[Start of Attachment]
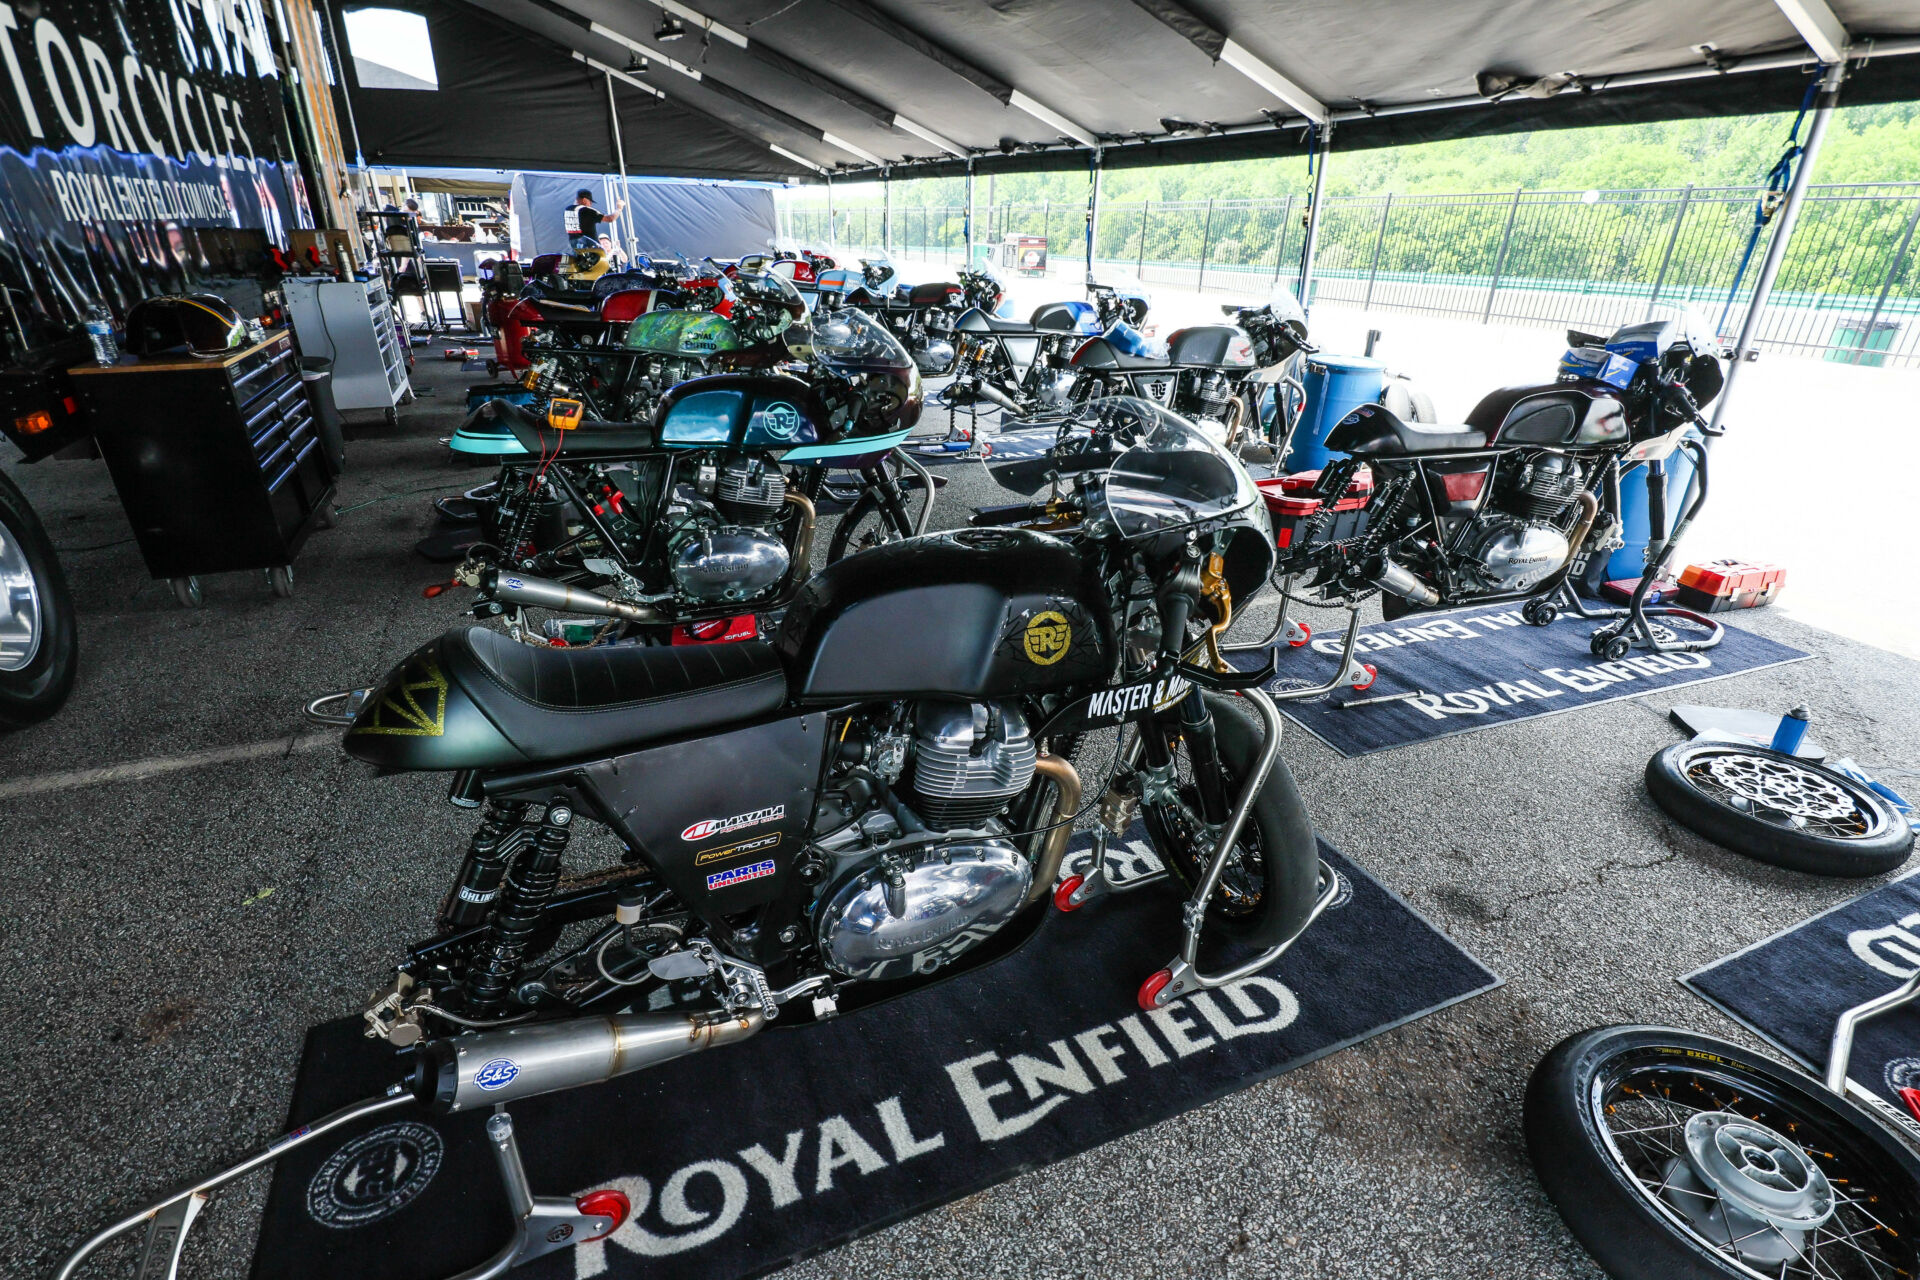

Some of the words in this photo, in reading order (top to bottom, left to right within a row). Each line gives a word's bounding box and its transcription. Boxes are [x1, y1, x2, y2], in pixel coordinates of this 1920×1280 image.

[1508, 557, 1529, 565] ROYAL
[733, 631, 752, 640] FUEL
[1402, 679, 1565, 720] ROYAL
[1538, 651, 1713, 694] ENFIELD
[1087, 684, 1152, 719] MASTER
[1152, 679, 1165, 705] &
[711, 804, 785, 831] MAXIMA
[707, 860, 775, 885] PARTS
[708, 868, 776, 890] UNLIMITED
[1686, 1049, 1725, 1064] EXCEL
[480, 1065, 515, 1084] S&S
[568, 1095, 946, 1280] ROYAL
[945, 975, 1300, 1142] ENFIELD
[End of Attachment]
The answer should match the material exactly, with every picture removed.

→ Solution for this problem:
Some of the words in this photo, in reading order (top to bottom, left to right within a row). Each line gives a word's bounding box and its transcription. Boxes are [x1, y1, x2, y2], in pixel coordinates of this 1920×1280 image.

[1508, 557, 1529, 565] ROYAL
[733, 631, 752, 640] FUEL
[1402, 679, 1565, 720] ROYAL
[1538, 651, 1713, 694] ENFIELD
[1087, 684, 1152, 719] MASTER
[1152, 679, 1165, 705] &
[711, 804, 785, 831] MAXIMA
[707, 860, 775, 885] PARTS
[708, 868, 776, 890] UNLIMITED
[1686, 1049, 1725, 1064] EXCEL
[480, 1065, 515, 1084] S&S
[568, 1095, 946, 1280] ROYAL
[945, 975, 1300, 1142] ENFIELD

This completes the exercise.